Jails however, are just running off slices of my host filesystem, e.g. /jails/postgresql which allows me to commands from the host in that file tree, for example:

freebsd# ls /jails/postgressql
.cshrc          bin             entropy         libexec         net             root            tmp
.profile        boot            etc             media           proc            sbin            usr
COPYRIGHT       dev             lib             mnt             rescue          sys             var
freebsd#

You should note that this looks surprisingly identical to what a default base install of FreeBSD, and that’s because it is!

Installing packages

The pkg(1) utility has a very useful flag -c which I can use for these jails:

-c <chroot path>, --chroot <chroot path>
    pkg will chroot in the <chroot path> environment.

From the jail host’s perspective, I can poke around the jail’s filesystem with ease, which makes installing packages trivial from the host’s perspective. For example:

freebsd# pkg -c /jails/postgresql install postgresql13-server

The above command will install the PostgreSQL v13 package and all its dependencies within the jail’s filesystem path:

# postgres --version
postgres (PostgreSQL) 13.1
#

“Try this one weird trick and your jails will never have to know anything about packages ever again!”

Caveats:

• My host distribution is identical to the distribution installed in the jail, e.g. 12.2-RELEASE. If there were drift I’m sure there would be problems with using pkg(1) in this way.
• This approach can feel goofy with configuration management, since the jail host is where all the configuration and package management happens.

Nonetheless, I was incredibly excited to discover this feature which made setting up and managing my heavily isolated vnet-based jails much easier!

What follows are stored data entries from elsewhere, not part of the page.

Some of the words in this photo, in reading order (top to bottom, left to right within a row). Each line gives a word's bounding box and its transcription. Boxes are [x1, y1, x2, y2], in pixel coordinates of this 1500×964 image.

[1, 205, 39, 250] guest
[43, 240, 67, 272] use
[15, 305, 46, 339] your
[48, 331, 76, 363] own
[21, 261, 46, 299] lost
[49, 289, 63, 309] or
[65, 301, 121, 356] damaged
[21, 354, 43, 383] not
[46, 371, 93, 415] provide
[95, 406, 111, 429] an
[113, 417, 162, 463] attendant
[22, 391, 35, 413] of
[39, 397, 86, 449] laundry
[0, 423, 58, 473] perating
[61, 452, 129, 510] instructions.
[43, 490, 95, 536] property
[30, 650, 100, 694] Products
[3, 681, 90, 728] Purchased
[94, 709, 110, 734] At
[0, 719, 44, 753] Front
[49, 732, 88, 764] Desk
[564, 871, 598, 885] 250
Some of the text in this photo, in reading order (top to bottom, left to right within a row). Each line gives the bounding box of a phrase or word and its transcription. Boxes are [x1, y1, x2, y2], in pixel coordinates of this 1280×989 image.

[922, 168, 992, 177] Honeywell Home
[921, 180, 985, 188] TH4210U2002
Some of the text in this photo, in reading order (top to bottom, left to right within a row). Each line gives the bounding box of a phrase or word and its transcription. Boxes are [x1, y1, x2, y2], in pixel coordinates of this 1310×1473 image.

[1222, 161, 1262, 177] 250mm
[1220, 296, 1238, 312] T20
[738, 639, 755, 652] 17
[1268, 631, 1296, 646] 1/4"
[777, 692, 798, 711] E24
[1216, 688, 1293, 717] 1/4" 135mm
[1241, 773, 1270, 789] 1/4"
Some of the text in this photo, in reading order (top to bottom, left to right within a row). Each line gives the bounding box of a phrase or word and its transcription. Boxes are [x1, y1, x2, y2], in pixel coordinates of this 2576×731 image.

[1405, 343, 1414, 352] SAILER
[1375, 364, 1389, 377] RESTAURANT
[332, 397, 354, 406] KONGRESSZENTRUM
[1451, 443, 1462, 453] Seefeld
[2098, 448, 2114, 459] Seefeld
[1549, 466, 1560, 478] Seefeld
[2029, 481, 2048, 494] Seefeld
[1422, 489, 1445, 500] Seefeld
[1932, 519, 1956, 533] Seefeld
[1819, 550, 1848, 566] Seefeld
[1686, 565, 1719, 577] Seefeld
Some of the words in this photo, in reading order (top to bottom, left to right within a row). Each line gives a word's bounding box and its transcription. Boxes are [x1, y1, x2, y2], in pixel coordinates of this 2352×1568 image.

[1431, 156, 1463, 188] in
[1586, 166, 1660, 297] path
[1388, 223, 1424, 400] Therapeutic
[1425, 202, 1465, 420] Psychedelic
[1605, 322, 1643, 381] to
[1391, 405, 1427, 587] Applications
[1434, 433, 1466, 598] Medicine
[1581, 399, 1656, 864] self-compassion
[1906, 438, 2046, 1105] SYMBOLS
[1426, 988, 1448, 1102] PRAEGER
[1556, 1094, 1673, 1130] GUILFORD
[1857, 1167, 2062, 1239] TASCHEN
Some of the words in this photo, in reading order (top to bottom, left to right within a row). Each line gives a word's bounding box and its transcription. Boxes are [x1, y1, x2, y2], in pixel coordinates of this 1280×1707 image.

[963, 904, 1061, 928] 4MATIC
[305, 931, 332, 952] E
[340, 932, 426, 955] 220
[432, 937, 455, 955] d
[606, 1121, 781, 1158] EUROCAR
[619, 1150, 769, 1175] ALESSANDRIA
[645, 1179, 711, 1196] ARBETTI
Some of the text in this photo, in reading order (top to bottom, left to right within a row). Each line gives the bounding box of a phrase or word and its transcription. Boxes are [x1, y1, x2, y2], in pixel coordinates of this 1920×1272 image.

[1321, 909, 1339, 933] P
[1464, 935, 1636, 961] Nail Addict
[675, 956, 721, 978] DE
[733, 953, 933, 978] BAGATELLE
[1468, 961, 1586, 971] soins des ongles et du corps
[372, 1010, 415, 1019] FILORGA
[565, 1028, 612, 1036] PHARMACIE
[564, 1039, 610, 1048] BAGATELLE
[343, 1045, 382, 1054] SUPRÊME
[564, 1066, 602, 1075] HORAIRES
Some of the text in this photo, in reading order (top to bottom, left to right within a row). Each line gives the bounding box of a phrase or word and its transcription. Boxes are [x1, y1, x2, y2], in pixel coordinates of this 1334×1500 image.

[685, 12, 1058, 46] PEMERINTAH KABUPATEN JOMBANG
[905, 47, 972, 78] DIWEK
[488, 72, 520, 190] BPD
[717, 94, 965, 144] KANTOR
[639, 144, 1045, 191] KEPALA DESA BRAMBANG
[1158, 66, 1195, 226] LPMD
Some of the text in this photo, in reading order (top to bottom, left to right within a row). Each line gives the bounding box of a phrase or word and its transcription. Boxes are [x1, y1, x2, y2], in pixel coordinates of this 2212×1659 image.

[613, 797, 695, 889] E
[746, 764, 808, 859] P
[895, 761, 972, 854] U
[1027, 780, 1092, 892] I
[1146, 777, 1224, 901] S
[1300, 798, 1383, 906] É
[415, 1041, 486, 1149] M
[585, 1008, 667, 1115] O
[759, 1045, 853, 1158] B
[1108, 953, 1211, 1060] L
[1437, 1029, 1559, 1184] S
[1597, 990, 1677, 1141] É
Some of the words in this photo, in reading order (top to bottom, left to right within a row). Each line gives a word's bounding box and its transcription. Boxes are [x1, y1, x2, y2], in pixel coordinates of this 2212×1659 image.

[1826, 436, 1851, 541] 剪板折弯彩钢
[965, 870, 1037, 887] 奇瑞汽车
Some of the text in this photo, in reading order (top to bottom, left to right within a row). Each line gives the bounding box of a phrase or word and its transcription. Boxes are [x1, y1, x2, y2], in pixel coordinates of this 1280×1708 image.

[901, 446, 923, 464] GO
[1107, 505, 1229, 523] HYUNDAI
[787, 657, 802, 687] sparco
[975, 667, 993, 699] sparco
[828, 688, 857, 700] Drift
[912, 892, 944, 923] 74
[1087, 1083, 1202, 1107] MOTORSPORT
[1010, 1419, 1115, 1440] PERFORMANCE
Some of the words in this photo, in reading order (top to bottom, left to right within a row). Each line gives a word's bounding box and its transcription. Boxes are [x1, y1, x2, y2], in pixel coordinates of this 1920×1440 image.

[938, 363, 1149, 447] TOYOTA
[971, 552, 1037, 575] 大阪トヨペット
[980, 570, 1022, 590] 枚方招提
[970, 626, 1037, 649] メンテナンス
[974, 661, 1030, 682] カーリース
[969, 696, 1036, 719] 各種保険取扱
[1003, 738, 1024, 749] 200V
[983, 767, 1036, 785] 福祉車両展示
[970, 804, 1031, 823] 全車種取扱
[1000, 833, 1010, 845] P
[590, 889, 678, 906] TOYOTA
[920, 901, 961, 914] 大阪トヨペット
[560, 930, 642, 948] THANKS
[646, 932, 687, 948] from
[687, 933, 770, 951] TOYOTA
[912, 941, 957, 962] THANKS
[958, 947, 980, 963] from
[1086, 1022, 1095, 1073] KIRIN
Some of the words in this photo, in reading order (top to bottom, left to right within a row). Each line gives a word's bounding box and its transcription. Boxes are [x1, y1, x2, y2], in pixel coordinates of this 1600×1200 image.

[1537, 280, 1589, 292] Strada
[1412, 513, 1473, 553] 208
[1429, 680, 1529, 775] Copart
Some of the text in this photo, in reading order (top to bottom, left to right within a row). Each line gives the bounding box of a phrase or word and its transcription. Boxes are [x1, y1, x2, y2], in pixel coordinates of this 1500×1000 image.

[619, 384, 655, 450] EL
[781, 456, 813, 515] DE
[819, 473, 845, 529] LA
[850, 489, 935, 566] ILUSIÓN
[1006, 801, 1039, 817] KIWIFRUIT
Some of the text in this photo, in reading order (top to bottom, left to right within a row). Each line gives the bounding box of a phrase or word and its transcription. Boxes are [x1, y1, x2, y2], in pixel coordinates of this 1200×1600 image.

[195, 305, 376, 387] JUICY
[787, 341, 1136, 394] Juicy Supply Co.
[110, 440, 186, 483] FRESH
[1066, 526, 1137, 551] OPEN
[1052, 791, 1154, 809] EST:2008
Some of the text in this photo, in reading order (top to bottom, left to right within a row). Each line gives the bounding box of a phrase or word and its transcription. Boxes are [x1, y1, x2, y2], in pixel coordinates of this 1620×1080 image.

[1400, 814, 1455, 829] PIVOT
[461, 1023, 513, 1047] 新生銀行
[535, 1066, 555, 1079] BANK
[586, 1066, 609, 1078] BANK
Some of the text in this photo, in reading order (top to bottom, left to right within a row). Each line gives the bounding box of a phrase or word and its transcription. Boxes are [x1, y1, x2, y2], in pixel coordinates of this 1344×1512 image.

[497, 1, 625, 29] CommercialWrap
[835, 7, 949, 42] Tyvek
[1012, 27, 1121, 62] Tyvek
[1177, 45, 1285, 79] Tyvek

2021-02-14 update: Here’s a tip passed along from a reader:

you might be interested in a tip for your jail post.

pkg -o ABI=... \
--chroot /path/to/jail \
--config /some/package/repo/FreeBSD.conf \
install -y ...

where ABI could be FreeBSD:14:aarch64 (FreeBSD current on armv8/aarch64) or a more prosaic FreeBSD:12:amd64 (amd64 architecture, FreeBSD 12).

the config file is similar to /etc/pkg/FreeBSD.conf and is acquired by pkg(8) before dropping into the chroot.

NB I usually need to mount_devfs inside the jail before & after pkg, as it now requires /dev/null - see #1763

This allows us to install packages into a directory that is not for the same FreeBSD version (and possibly even architecture!), such as a FreeBSD 13.0 armv8 nfs mount, running on a FreeBSD 14.0-current amd64 server.

There’s also pkg –rootdir … which is similar to chroot, but IIRC handles pre/post/user/group scripts differently.

In the future I hope to write more about the home lab FreeBSD set up that I have been working on over the past couple weeks. FreeBSD 12.x is by far the most exciting FreeBSD release I have used since the transition to full SMP in the 4.x -> 6.x timeframe. If you haven’t looked at FreeBSD lately, I highly recommend giving it a spin!